Work instructions: Omit the pictures while printing every entry below exactly as given.

Segment Start: Entries provided

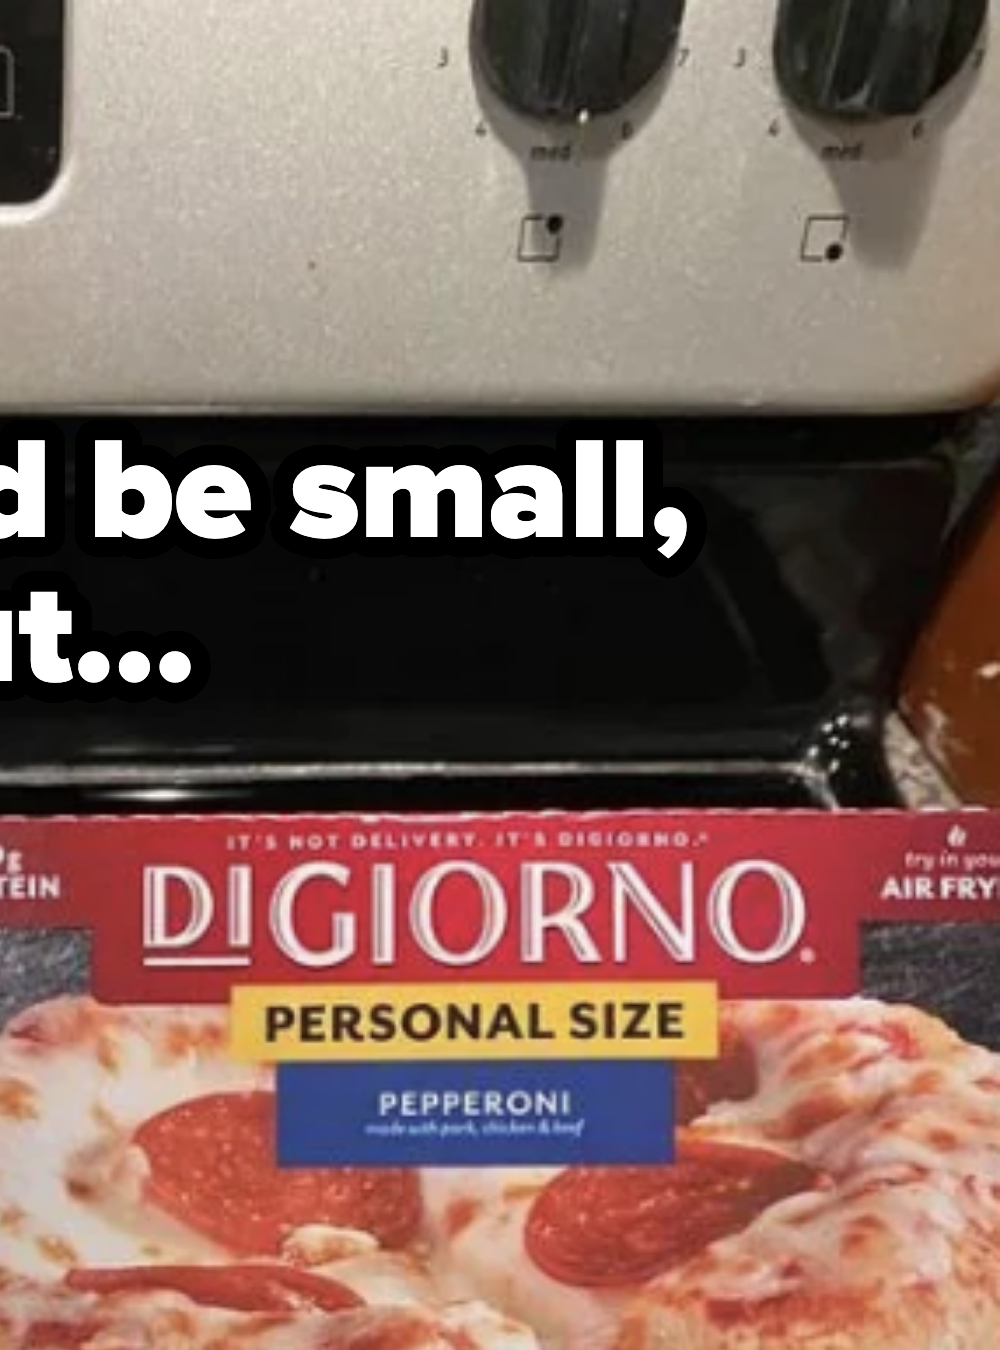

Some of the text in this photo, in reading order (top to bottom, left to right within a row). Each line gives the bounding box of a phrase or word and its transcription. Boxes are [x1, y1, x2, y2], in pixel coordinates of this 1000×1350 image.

[531, 142, 571, 162] med
[822, 142, 864, 162] med
[226, 834, 277, 851] IT'S
[289, 834, 338, 851] NOT
[350, 831, 484, 850] DELIVERY.
[496, 830, 546, 848] IT'S
[904, 850, 934, 871] try
[940, 849, 958, 867] in
[880, 875, 1000, 900] AIR FRY
[264, 1001, 685, 1043] PERSONAL SIZE
[378, 1090, 571, 1116] PEPPERONI
[408, 1118, 437, 1135] with
[552, 1117, 585, 1137] beef

Segment End: Entries provided

Response:
Some of the text in this photo, in reading order (top to bottom, left to right within a row). Each line gives the bounding box of a phrase or word and its transcription. Boxes are [x1, y1, x2, y2], in pixel coordinates of this 1000×1350 image.

[531, 142, 571, 162] med
[822, 142, 864, 162] med
[226, 834, 277, 851] IT'S
[289, 834, 338, 851] NOT
[350, 831, 484, 850] DELIVERY.
[496, 830, 546, 848] IT'S
[904, 850, 934, 871] try
[940, 849, 958, 867] in
[880, 875, 1000, 900] AIR FRY
[264, 1001, 685, 1043] PERSONAL SIZE
[378, 1090, 571, 1116] PEPPERONI
[408, 1118, 437, 1135] with
[552, 1117, 585, 1137] beef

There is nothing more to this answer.